Large FMCG companies with dedicated media buying teams are winning the virtual shelf. For small Indian D2C brands without media expertise, navigating these platforms is like learning chess on a competitive board. The platforms need better self-serve tooling for smaller advertisers.

"The brands that will win at Retail Media aren't the ones with the biggest budgets. They're the ones with the sharpest understanding of their shopper's moments."


Where This Is All Headed: The Next 3 Years

India's Retail Media story is only in its second chapter. Here's what's coming:

Offsite Retail Media — Platforms like Amazon will soon let brands use shopper data to target users outside the app — on YouTube, connected TV, and open web inventory. Imagine seeing a Flipkart-backed ad for a product you abandoned in your cart — while watching a cooking channel.
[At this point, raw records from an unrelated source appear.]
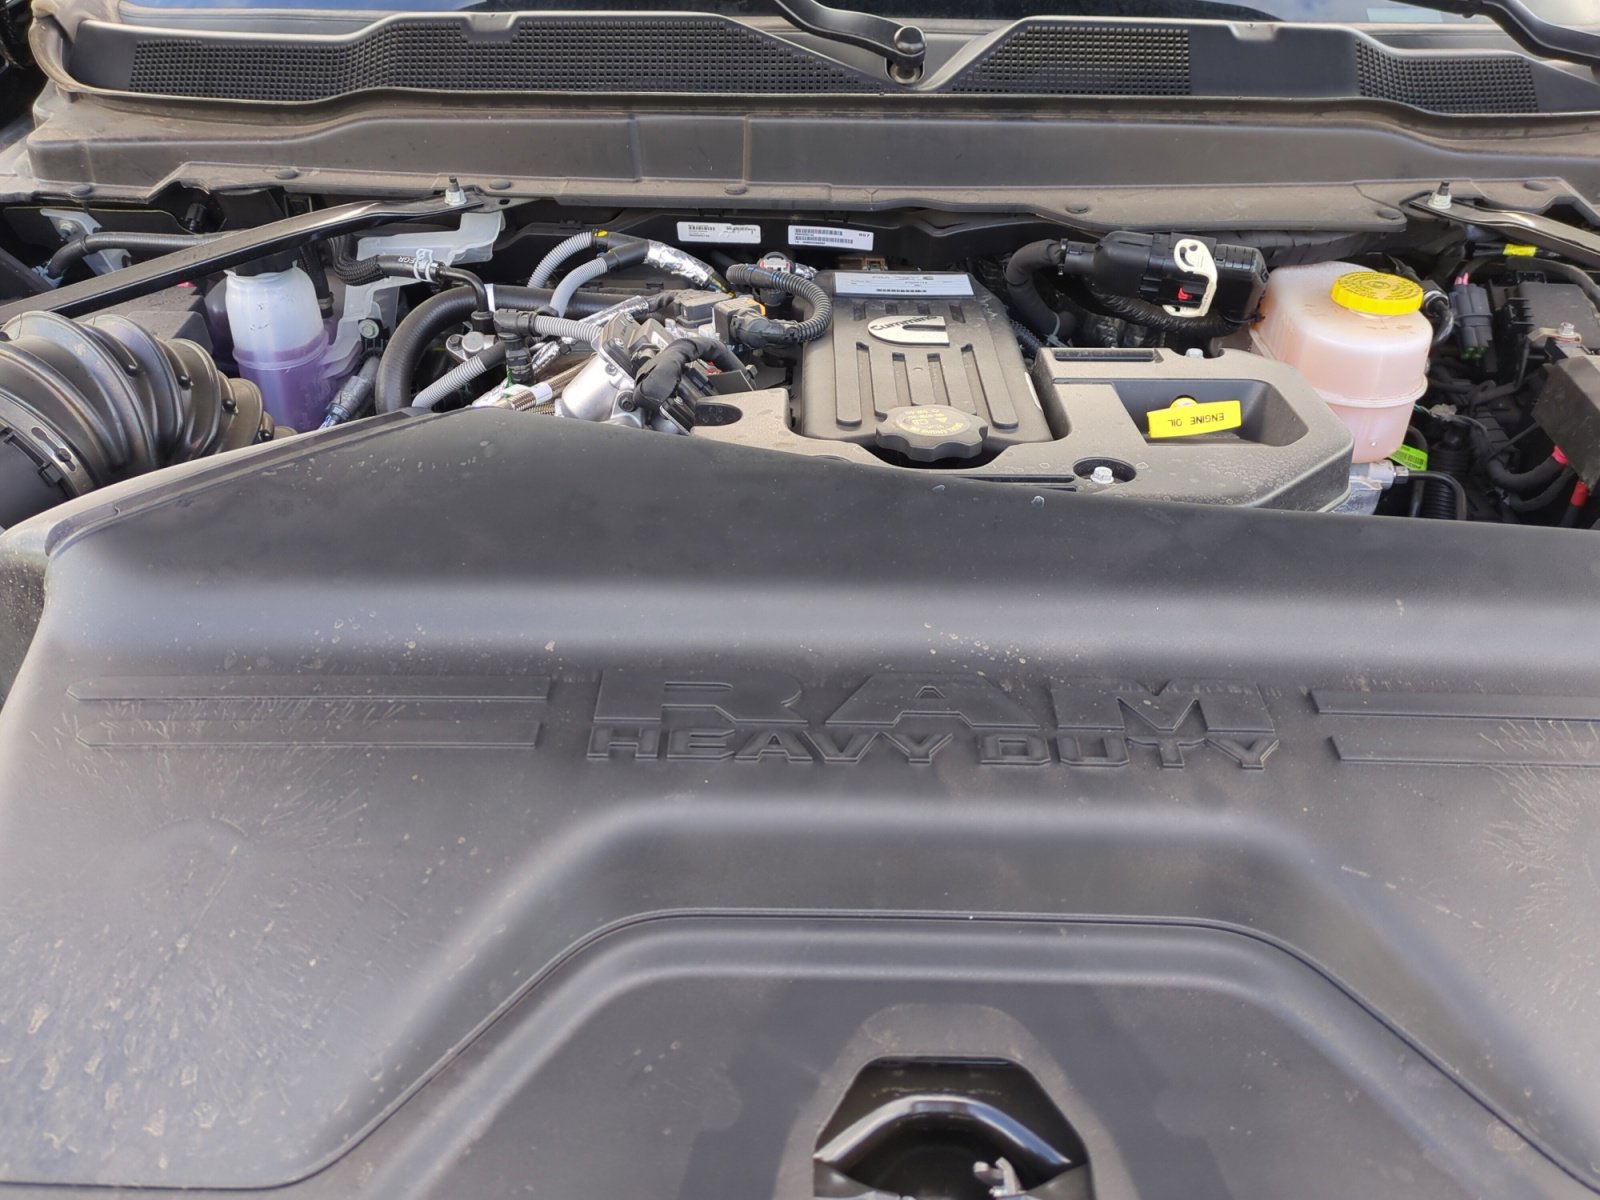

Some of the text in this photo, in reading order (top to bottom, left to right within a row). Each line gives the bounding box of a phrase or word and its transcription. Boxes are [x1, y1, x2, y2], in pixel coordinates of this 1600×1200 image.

[398, 256, 417, 264] EGR
[870, 315, 938, 331] Cummins
[1168, 412, 1225, 427] ENGINE OIL
[593, 669, 1277, 732] RAM
[586, 726, 1280, 770] HEAVY DUTY
ONDC and the Open Network — India's Open Network for Digital Commerce could democratize Retail Media by creating shared advertising infrastructure across hundreds of small retailers and kirana chains. The kiranawaala of the future might have his own ad inventory.
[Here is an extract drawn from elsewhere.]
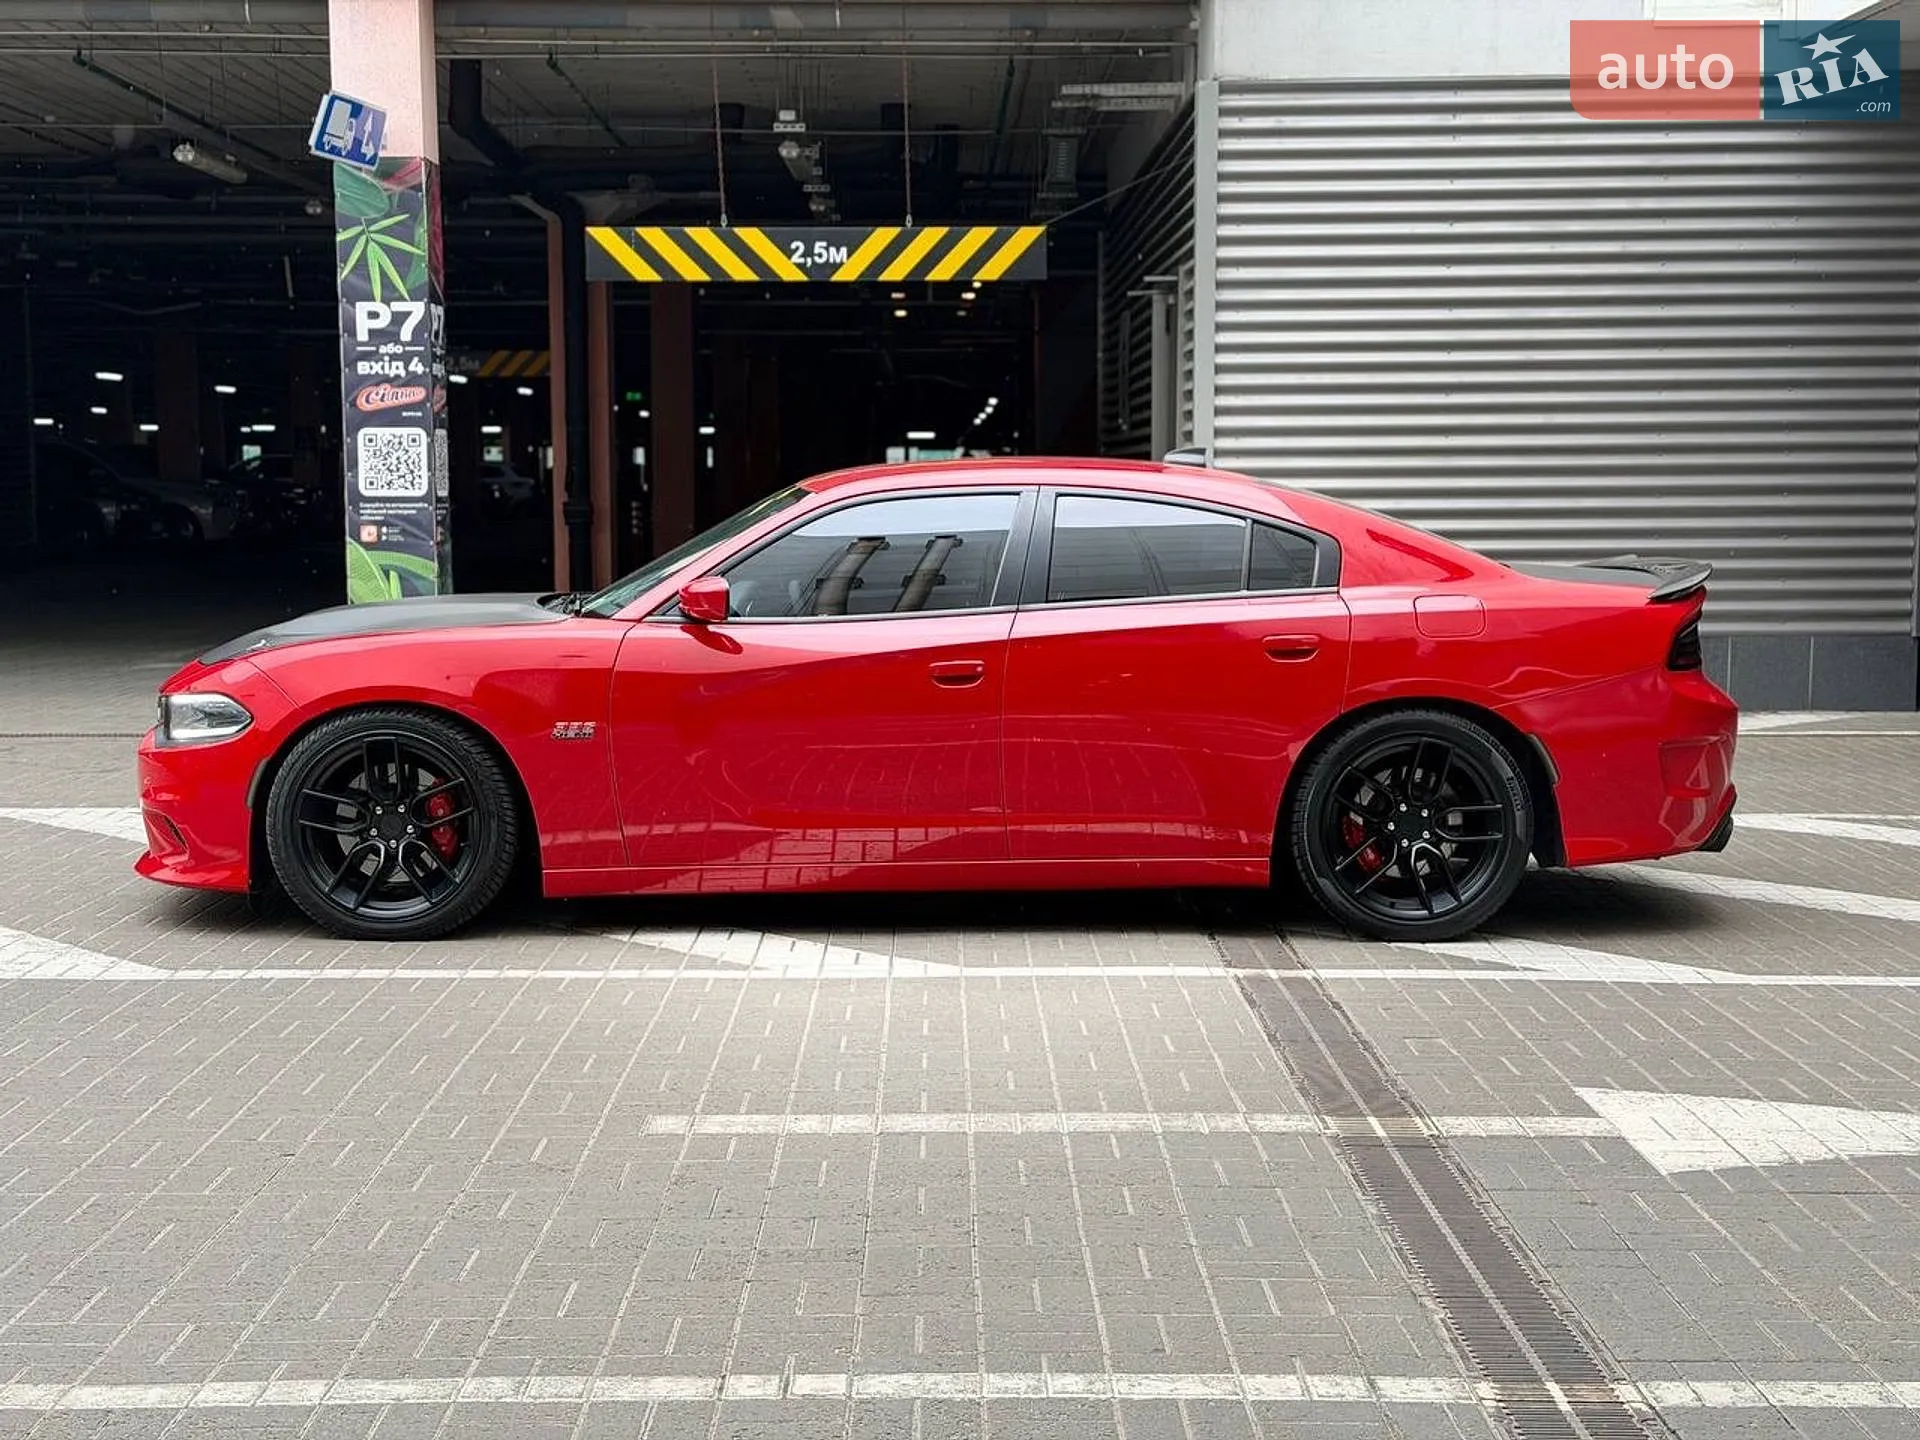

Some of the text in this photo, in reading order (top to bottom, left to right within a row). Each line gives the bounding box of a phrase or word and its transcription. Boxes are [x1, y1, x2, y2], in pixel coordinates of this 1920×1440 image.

[379, 342, 403, 354] або
[357, 355, 406, 378] вхід
[408, 356, 424, 375] 4
AI-Powered Personalization — Platforms will move from keyword targeting to intent prediction. Instead of bidding on "shampoo," brands will target "people showing hair care concern signals in their last 30 days of browsing."

Video and Live Commerce — Meesho Live, Flipkart Video Commerce, and Instagram Shopping collisions will blur the line between entertainment and transaction. Retail Media will follow the video.


The Strategic Shift Every Brand Manager Must Make

For too long, marketing budgets in Indian companies have been divided along old lines: ATL (TV, print, OOH) and BTL (trade, in-store). Digital sat awkwardly in the middle.

Retail Media demands a new mental model. It's not just performance marketing. It's not just trade investment. It's commerce-connected brand building — where awareness and conversion happen in the same ecosystem, measured in the same breath.

The most forward-thinking CMOs in India are already restructuring their teams — creating dedicated Retail Commerce Marketing functions that sit at the intersection of sales, trade, and digital. HUL, Marico, and Britannia are reportedly piloting such models internally.

For a D2C brand, this means your performance marketer needs to understand shelf strategy. For a legacy FMCG brand, it means your trade team needs to think in CPCs and ROAS.



How to Evaluate a Retail Media Investment

Before committing budget to any platform, ask four questions: (1) Does this platform have high-intent shoppers in my category? (2) What first-party data signals am I accessing? (3) Can I measure closed-loop attribution — not just impressions? (4) What is my ACoS target, and does the platform's CPC structure allow profitability at my product margin? Only when all four are clearly answered should the money move.


The Bottom Line: The Shelf Has Gone Digital — and It's Prime Time

Go back to Priya in Bengaluru. She's added the protein bar to her cart. She checks out. The brand wins a new customer. The platform earns ad revenue. Priya gets a product she might actually love.

This is the promise of Retail Media Networks done right — a trifecta of value where the advertiser, the platform, and the consumer all benefit. No pop-up. No interruption. Just relevance, delivered at the right moment.

India is at the cusp of a Retail Media revolution. The brands that study the shelf — virtual and physical — and invest with intelligence rather than inertia will build unfair advantages in the next decade of Indian commerce.

The question isn't whether to show up on retail media. The question is whether you show up smarter than your competition.